The immediate challenge in front of the country is to bring the economy back to the eight% plus growth rate which it used to clock in in the past, said President of India Pranab Mukherjee. He added the need of quality education, innovation and growth in technology in order to take the country to the higher growth levels.
Speaking at the inauguration of the 28th Indian Engineering Congress, he said, "Our economic growth declined during the last two years. At five% in 2012-13, it was the lowest in the last ten years. Our immediate challenge is to reverse the deceleration and nurse our growth path back to the eight% plus levels often clocked by us in the past".
He said that the positive factors such as continuing rise in per capita incomes, expanding middle-class consumers, and a young and energetic workforce gives me confidence that as the global economy revives, we will be able to secure a faster growth.
More From This Section
Engineering has played a pivotal role in the great economic transformation the country witnessed in the last few decades and engineering and technology in the country have to be driven by competent engineers and scientists.

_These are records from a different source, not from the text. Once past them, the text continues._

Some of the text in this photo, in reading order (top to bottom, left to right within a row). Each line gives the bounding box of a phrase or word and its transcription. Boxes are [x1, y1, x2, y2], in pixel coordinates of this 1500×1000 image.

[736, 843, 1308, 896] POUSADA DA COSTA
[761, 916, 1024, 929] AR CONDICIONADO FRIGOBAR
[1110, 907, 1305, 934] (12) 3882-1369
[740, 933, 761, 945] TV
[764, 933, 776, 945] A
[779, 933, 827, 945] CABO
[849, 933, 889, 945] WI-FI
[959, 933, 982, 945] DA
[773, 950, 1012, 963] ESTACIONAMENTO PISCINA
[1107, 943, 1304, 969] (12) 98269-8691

Engineering is a preferred discipline accounting for one fourth of the total enrolment in higher education and the annual enrolment in engineering tripled during the course of the Eleventh Plan period. We have a formidable set-up of engineering and technical institutions in the country. However, many of them are low in terms of the standard of education imparted.

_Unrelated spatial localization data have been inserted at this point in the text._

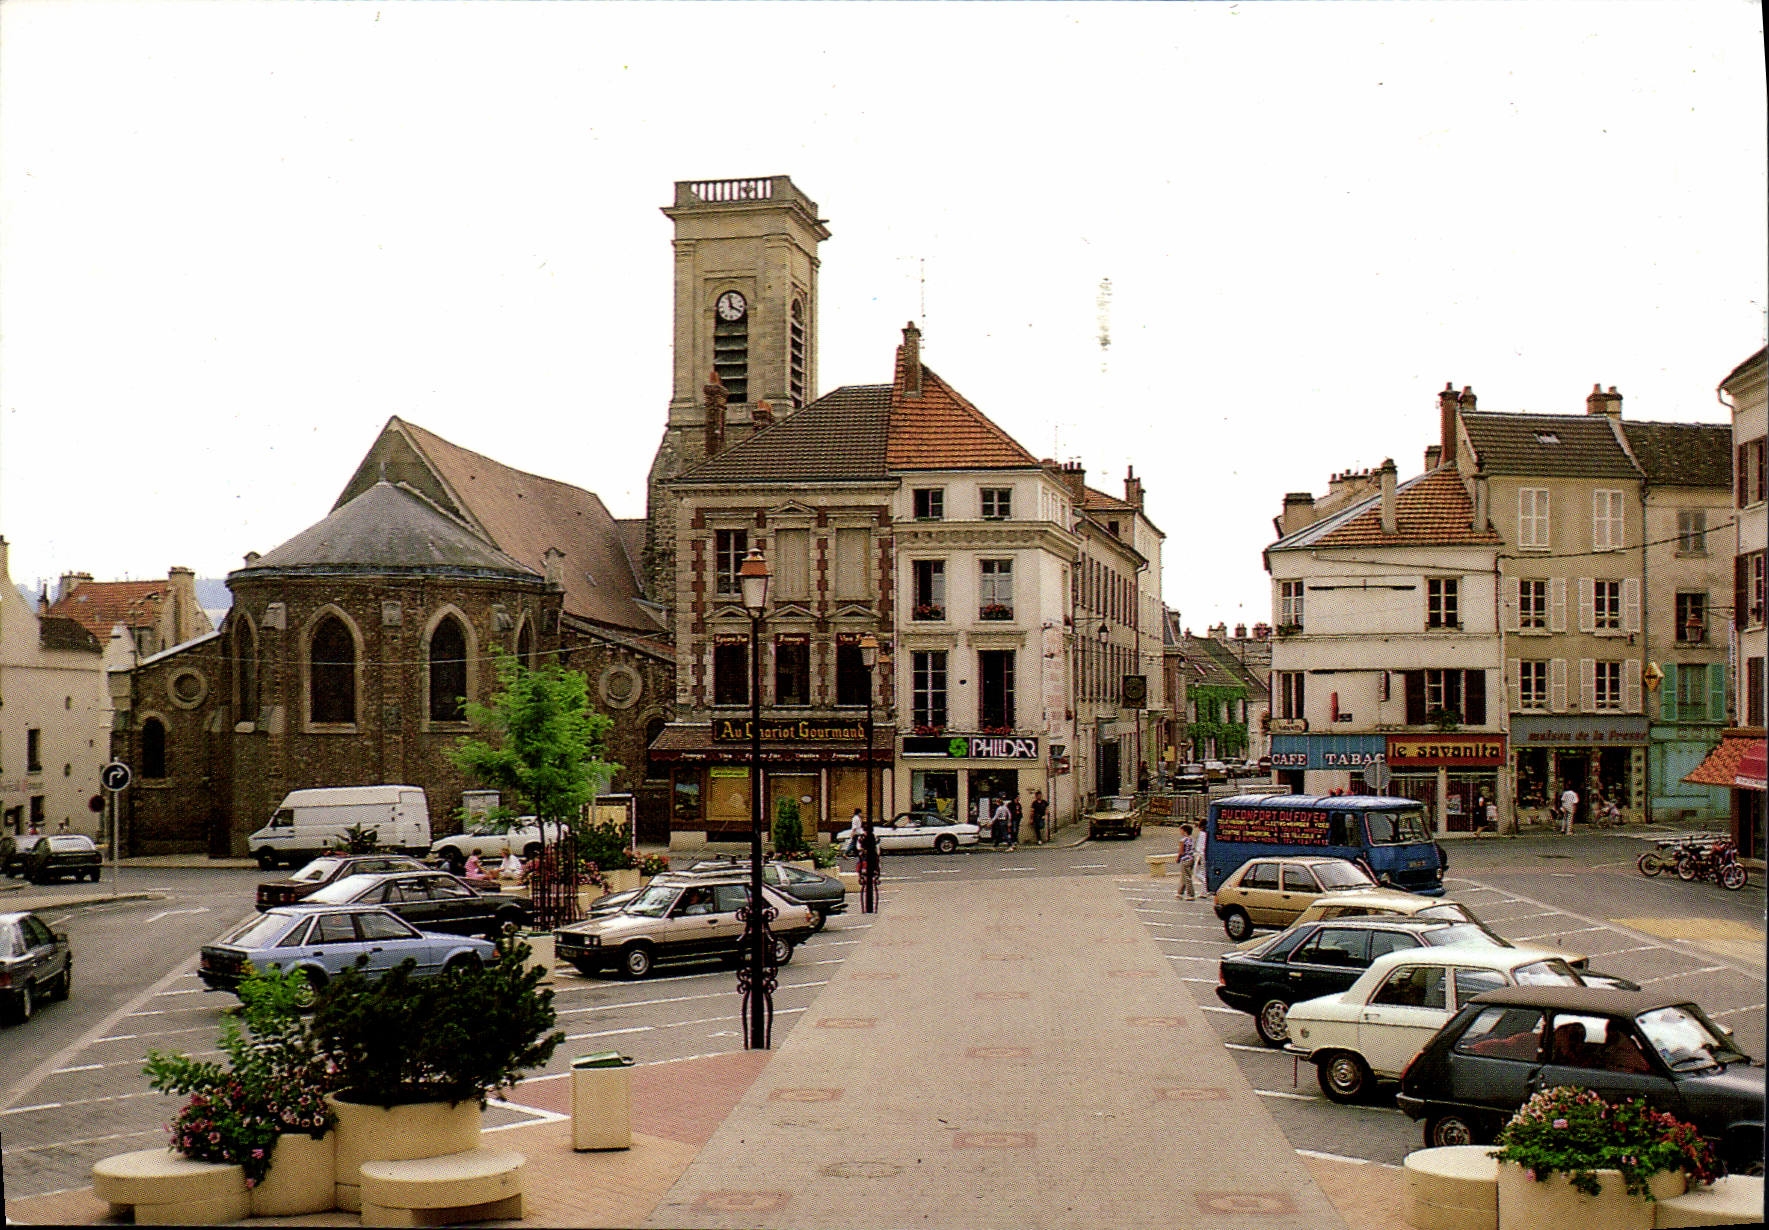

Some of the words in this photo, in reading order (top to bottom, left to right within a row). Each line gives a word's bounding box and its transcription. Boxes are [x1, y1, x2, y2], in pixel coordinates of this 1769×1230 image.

[720, 721, 743, 738] Au
[745, 721, 795, 738] Cariot
[798, 721, 865, 738] Gourmand
[971, 738, 1037, 757] PHILDAR
[1392, 743, 1407, 757] le
[1417, 743, 1500, 757] savanita
[1271, 753, 1307, 765] CAFE
[1325, 753, 1385, 765] TABAC
[1221, 809, 1233, 819] AU
[1234, 809, 1278, 821] CONFORT
[1279, 811, 1293, 822] DU
[1294, 811, 1327, 823] FOYER

"Our educational standards must be geared to international benchmarks. Every engineering and technical institution in the country must make an all-out effort to help India develop a large pool of proficient scientific and technical manpower," he said. The Institution of Engineers (India) must think of establishing an Institute of Excellence in Engineering and Technology to create synergy between industry and academia through high quality engineering education and innovative research.
While inaugurating a the Loyola College of Commerce & Economics, he said that the higher education infrastructure in India comprises over 650 degree awarding institutions and over 33,000 colleges and despite this, the country is short of good quality institutions to meet the increasing demand. The National Knowledge Commission had remarked about the falling standards in higher education as a ‘quiet crisis that runs deep’.
"Sadly today, our universities are nowhere in the top global rankings," he said. The universities should make increased use of technology solutions like e-education to address problems of accessibility, quality and faculty shortage. Using e-classroom technology, important lectures can be transmitted to students in different locations.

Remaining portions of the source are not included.